Sachant fort bien que les partis d'opposition aimeraient faire tomber le gouvernement à l'aide d'une motion de blâme quelques jours après le rapport du juge John Gomery sur le scandale des commandites, le leader en Chambre des libéraux, Tony Valeri, a manoeuvré pour éviter d'ouvrir toute grande cette porte au Bloc, au PC et au NPD. Les journées dédiées aux partis d'opposition ont donc toutes été repoussées à la fin du calendrier parlementaire de l'automne. La première aura lieu le 14 novembre, puis six autres se succéderont en à peine trois semaines, jusqu'au 8 décembre.
Or renverser les libéraux le 14 novembre provoquerait un scrutin le 19 décembre, ce qui est trop près de Noël. «Ma responsabilité est de maintenir en vie mon gouvernement et d'être certain que nos priorités se rendent à la Chambre des communes, a soutenu Tony Valeri. J'ai déjà dit, et le premier ministre aussi, que nous ne voulons pas organiser notre propre défaite.

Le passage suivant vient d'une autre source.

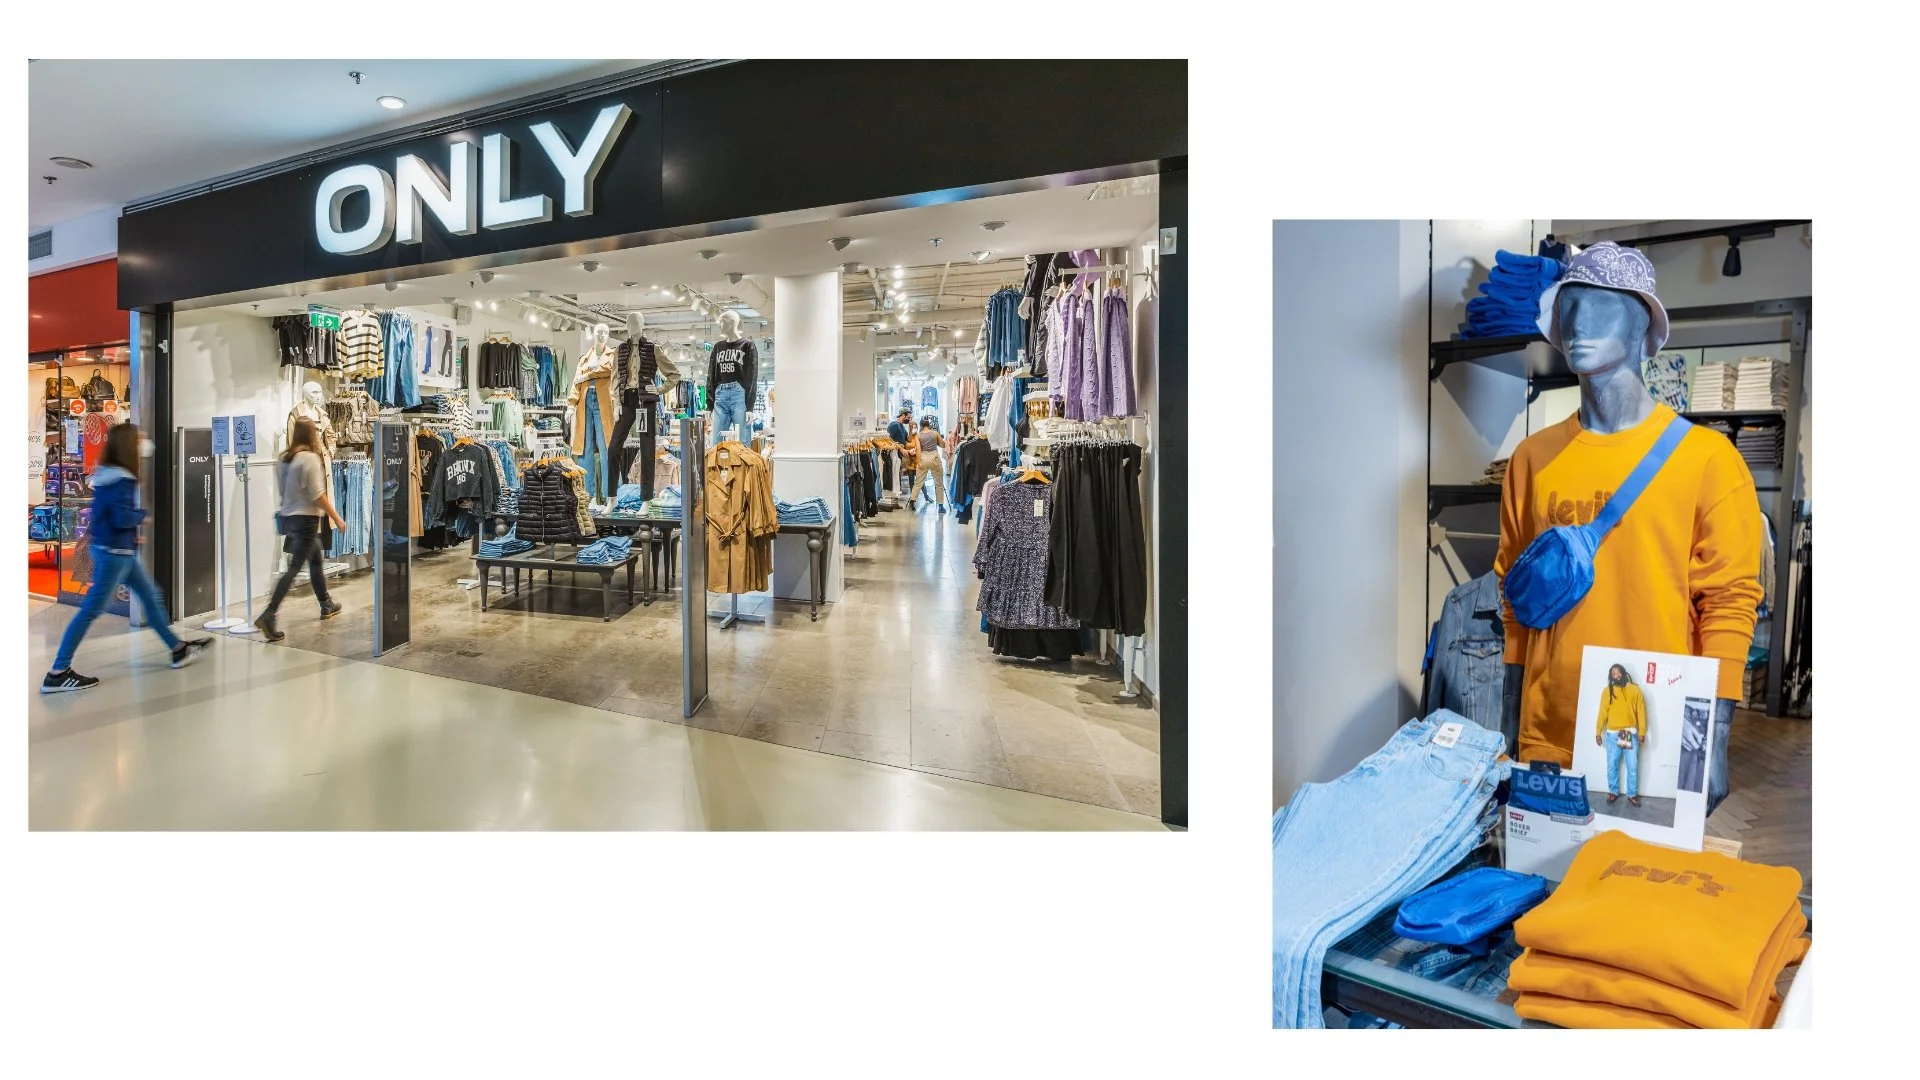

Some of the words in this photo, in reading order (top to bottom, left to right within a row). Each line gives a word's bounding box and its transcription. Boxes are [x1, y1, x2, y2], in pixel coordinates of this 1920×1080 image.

J'ai également la responsabilité d'aider mon premier ministre à respecter sa promesse de tenir des élections 30 jours après le dépôt du deuxième rapport Gomery. C'est ce que je fais.»
Au Bloc québécois, cette tactique des libéraux n'a surpris personne. «Je savais depuis des semaines qu'ils feraient ça, a affirmé au Devoir le leader du Bloc en Chambre, Michel Gauthier. Ils veulent éviter à tout prix une remise en question du gouvernement cet automne et ça ne m'étonne pas. Surtout avec tout ce qu'on voit comme scandale.» Le parti souverainiste renonce donc à défaire le gouvernement dans les prochaines semaines, à moins bien sûr d'un imprévu. «On ne fera pas des élections le 19, le 20 ou le 21 décembre! Ça n'a pas de sens. Ça nous enlève effectivement toute possibilité de défaire le gouvernement cet automne», a dit Michel Gauthier.
Mais le gouvernement libéral a d'autres atouts dans sa manche pour embêter l'opposition, comme Le Devoir l'a appris de sources sûres. De fait, si le Bloc, le PC et le NPD tiennent absolument à déclencher des élections dans les prochaines semaines, ils devront défaire le gouvernement sur des projets de loi qui non seulement sont très populaires auprès du public, mais qui mettent également en avant des idées qui émanent directement des partis d'opposition.
C'est le cas du projet de loi sur l'énergie, qui vise à faire diminuer l'impact de la hausse du prix de l'essence qui frappe les citoyens. Ce plan totalisera près de 2,5 milliards de dollars en mesures diverses, principalement répartis sur trois axes.
Premièrement, les familles les moins nanties pourront profiter de la générosité du gouvernement sous forme de chèque ou de rabais sur le chauffage résidentiel, à l'image de la mesure mise en place en 2001 et qui avait donné lieu à quelques dérapages. Des prisonniers et des personnes décédées avaient notamment reçu un chèque. L'opération avait alors coûté 1,3 milliard à Ottawa.
Ensuite, le gouvernement mettra en place un bureau de surveillance des pétrolières, une idée poussée par le Bloc québécois depuis plusieurs années. L'objectif, selon le gouvernement, est de s'assurer «que le marché fonctionne bien, avec une saine concurrence», dit-on. Le prix du pétrole à l'étape du raffinage et les possibles collusions entre marchands d'essence pourront donc être scrutés à la loupe. Si bien sûr ce bureau de surveillance reçoit les moyens pour le faire.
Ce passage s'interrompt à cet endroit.